Calendario fiscale modificato per le strutture ricettive. Il punto 7 dell'articolo 3 del Dl Semplificazioni proroga dal 30 giugno al 30 settembre 2022 la presentazione della dichiarazione dell'imposta di soggiorno per gli anni 2020 e 2021, modificando la modulistica e introducendo una comunicazione alle Entrate.

Nuovo modello, istruzioni e specifiche tecniche (29 pagine) sono stati approvati con il decreto Mef dello scorso 29 aprile e caricati sul sito del ministero delle Finanze solo il 13 giugno. Di qui la necessità del rinvio a fine settembre, anche e soprattutto per evitare di incorrere in errore.

La riforma introdotta dall’articolo 180 del Dl 34/2020 ha modificato la disciplina in materia.

I gestori sono ora considerati responsabili d’imposta con diritto di rivalsa nei confronti del turista non più agenti contabili , con tutte le relative conseguenze (soprattutto l’obbligo della resa del conto giudiziale ai fini dei controlli della Corte dei conti, ma anche l’insorgenza della responsabilità per danno erariale).

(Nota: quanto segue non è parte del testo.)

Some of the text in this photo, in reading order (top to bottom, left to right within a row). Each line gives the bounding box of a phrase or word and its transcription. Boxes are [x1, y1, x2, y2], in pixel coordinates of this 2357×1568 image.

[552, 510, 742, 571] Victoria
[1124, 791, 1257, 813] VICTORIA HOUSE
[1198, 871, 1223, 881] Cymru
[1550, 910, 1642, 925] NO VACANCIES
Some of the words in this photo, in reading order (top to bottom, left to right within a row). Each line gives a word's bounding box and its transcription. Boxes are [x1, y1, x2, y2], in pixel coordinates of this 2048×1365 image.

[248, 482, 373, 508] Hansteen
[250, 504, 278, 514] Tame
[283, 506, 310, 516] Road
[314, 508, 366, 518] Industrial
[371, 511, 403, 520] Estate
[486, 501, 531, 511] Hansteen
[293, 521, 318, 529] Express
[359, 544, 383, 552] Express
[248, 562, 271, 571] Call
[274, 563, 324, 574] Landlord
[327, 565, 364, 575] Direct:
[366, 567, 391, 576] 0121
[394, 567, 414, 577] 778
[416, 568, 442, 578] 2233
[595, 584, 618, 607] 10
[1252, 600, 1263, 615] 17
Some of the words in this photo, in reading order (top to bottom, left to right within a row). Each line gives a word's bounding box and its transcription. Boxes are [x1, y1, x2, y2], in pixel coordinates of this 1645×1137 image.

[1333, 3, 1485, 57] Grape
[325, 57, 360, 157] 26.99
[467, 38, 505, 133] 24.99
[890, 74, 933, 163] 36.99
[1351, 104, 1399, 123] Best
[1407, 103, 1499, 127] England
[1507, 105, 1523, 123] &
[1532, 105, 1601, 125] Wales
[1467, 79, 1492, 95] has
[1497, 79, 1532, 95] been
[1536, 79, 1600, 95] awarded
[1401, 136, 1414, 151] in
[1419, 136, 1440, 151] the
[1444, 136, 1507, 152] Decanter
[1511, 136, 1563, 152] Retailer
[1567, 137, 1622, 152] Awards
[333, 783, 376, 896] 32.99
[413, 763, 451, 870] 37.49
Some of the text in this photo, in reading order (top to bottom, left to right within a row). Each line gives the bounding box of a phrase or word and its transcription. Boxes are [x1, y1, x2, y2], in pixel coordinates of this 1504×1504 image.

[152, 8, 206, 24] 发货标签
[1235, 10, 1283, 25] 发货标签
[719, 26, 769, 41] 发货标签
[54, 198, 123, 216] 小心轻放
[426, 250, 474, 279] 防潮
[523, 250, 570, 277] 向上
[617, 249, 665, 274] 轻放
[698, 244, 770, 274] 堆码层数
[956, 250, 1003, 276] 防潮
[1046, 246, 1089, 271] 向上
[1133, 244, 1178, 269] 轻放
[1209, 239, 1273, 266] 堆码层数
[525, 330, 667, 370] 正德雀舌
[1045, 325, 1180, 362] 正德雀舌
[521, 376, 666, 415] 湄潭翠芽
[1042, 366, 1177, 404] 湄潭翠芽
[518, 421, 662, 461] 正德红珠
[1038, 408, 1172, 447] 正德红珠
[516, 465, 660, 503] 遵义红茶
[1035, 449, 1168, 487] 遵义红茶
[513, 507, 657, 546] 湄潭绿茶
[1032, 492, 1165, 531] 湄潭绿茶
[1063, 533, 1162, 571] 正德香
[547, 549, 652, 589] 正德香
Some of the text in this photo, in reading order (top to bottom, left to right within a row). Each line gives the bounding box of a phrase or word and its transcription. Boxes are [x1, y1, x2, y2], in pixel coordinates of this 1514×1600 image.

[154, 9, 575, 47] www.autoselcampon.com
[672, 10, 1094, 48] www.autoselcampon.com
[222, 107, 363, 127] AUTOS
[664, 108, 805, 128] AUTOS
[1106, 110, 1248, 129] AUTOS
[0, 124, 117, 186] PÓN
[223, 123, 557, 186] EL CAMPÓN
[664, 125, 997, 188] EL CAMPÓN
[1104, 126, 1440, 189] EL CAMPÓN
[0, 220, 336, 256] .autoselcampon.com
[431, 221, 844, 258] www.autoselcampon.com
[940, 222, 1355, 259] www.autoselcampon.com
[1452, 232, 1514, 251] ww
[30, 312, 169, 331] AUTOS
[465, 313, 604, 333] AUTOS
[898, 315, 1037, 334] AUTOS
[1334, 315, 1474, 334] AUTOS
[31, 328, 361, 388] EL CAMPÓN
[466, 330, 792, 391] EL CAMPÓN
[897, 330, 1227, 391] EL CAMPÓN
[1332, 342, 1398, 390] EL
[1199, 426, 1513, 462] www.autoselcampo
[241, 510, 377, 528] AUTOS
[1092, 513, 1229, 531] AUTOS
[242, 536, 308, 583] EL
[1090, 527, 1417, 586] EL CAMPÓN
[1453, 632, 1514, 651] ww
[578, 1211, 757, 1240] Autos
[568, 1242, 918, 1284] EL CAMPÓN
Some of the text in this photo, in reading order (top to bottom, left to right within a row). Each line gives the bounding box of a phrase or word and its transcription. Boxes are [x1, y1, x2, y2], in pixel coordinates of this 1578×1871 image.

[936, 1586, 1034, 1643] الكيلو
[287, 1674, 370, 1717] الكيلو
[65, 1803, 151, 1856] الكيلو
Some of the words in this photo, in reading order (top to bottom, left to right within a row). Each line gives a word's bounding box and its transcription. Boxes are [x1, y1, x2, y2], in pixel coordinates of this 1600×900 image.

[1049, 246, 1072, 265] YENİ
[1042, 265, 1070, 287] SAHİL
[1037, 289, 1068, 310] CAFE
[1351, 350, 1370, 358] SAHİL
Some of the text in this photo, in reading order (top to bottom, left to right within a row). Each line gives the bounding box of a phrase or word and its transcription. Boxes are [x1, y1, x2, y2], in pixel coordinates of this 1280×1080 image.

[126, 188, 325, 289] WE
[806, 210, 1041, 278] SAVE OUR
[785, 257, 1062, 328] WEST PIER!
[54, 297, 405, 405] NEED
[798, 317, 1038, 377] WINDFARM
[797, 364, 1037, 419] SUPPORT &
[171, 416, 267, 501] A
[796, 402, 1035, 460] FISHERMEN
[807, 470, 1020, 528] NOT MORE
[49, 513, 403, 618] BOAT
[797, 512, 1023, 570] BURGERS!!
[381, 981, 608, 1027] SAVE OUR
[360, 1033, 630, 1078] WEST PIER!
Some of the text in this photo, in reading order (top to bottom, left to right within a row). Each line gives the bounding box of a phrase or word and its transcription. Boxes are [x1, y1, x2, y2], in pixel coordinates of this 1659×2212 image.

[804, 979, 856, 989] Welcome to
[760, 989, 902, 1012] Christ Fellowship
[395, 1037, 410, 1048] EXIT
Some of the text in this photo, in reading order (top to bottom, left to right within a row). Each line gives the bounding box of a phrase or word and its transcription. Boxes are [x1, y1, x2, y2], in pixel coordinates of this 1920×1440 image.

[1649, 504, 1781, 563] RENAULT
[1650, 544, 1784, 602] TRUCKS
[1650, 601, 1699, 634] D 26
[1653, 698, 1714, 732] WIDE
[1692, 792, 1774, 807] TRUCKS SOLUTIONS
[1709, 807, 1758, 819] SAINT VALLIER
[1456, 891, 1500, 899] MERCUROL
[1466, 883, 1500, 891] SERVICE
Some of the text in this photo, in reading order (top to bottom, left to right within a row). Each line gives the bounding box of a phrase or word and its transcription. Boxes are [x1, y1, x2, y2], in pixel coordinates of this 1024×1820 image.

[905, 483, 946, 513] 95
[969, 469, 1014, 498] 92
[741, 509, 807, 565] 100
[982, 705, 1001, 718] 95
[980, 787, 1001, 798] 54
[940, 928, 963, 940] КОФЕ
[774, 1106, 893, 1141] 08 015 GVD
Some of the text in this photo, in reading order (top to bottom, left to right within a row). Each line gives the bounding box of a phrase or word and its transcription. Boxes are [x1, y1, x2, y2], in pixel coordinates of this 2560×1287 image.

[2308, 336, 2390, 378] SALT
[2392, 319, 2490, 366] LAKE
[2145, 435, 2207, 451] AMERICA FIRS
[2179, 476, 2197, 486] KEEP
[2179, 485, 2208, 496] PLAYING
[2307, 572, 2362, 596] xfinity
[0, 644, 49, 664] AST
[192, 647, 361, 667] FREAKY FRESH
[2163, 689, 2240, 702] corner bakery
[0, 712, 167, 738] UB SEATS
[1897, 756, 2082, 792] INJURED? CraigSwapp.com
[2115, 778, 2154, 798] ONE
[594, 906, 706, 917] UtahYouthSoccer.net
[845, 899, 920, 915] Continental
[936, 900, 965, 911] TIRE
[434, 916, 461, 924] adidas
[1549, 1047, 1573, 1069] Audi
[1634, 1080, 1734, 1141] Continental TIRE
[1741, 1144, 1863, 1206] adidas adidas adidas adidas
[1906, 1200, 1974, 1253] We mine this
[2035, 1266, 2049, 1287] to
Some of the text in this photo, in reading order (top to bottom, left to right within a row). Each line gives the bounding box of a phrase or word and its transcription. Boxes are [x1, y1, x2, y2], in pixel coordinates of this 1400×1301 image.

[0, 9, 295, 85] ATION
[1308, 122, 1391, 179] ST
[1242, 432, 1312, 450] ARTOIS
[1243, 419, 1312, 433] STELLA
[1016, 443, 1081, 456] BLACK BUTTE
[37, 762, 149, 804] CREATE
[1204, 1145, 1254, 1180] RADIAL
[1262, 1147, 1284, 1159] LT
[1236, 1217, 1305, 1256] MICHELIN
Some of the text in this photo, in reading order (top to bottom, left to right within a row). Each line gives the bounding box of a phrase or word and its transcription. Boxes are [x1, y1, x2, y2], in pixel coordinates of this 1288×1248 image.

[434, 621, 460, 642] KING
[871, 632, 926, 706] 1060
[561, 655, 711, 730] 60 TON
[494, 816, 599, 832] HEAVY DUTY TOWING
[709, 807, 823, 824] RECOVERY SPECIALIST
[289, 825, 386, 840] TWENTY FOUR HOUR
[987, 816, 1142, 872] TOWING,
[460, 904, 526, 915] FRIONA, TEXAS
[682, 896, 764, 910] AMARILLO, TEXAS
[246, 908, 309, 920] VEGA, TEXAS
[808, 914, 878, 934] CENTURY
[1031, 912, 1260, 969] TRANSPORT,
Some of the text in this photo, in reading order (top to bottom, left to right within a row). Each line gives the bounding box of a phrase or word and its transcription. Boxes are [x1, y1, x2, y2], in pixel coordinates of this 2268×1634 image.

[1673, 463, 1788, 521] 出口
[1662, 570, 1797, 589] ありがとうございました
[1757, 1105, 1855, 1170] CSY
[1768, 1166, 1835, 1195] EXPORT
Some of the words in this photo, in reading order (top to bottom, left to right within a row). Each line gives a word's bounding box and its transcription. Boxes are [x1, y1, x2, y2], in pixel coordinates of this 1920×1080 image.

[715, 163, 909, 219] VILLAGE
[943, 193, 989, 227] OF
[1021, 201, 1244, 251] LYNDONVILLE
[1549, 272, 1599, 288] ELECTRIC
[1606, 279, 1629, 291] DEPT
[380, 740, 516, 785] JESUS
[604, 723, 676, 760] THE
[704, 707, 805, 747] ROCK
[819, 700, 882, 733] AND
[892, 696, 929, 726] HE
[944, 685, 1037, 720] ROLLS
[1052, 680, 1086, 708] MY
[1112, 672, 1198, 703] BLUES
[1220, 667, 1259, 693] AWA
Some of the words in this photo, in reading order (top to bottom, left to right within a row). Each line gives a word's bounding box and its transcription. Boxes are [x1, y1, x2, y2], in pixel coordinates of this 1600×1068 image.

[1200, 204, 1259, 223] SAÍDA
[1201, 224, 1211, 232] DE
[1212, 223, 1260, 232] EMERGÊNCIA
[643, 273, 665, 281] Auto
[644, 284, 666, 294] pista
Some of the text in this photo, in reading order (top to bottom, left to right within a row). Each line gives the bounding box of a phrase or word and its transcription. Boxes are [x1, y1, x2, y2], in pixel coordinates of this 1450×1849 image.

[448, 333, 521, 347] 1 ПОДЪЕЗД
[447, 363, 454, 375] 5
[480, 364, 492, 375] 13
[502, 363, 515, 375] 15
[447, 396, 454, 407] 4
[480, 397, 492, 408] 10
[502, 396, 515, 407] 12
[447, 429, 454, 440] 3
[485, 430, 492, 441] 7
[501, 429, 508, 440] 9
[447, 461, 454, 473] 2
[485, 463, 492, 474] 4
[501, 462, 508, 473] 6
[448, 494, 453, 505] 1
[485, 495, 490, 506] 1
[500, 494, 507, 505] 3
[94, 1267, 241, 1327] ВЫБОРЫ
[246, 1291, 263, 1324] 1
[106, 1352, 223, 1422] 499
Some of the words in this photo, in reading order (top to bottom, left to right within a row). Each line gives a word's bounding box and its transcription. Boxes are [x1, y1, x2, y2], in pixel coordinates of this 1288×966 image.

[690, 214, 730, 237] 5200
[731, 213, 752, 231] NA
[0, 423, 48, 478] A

Imposta dal 2020 pagata quindi dalle strutture ai Comuni, ma ora da comunicare anche alle Entrate.

Tutti gli operatori concordano nel definire superflua la duplicazione. «Un doppio adempimento di cui non si capisce il senso», precisa il direttore generale di Confindustria Alberghi, Barbara Casillo, sottolineando che «se si va verso una semplificazione la previsione andrebbe quanto prima abolita». Federalberghi, chiede «in primo luogo – dice il direttore generale, Alessandro Nucara - che venga chiarito che l’obbligo di presentazione della dichiarazione cumulativa sia riferito ai soli casi in cui non sia previsto nel rispettivo regolamento comunale un obbligo di rendicontazione periodica trasmessa per via telematica».

Per Nucara va modificato anche il quadro sanzionatorio, prevedendo che « per l’omessa o infedele presentazione della dichiarazione annuale si applichi la stessa sanzione amministrativa pecuniaria prevista dai regolamenti comunali».

Peso maggiore in ambito extralberghiero? I professionisti del settore confermano anche loro che si tratta di un «adempimento poco comprensibile»- dice Marco Celani, ad di Italianway e presidente Aigab -Associazione italiana gestori affitti brevi. Celani ci spiega che– «si è tenuti a comunicare alle Entrate dati già trasmessi a Comuni, Questure ed Istat in momenti diversi e con format diversi. Basterebbe un controllo incrociato». I property manager professionisti, conferma Francesco Zorgno, presidente di Clean B&B, «sono sempre favorevoli a iniziative in grado di far emergere il sommerso, ma la documentazione in questione è un onere relativa a dati già noti».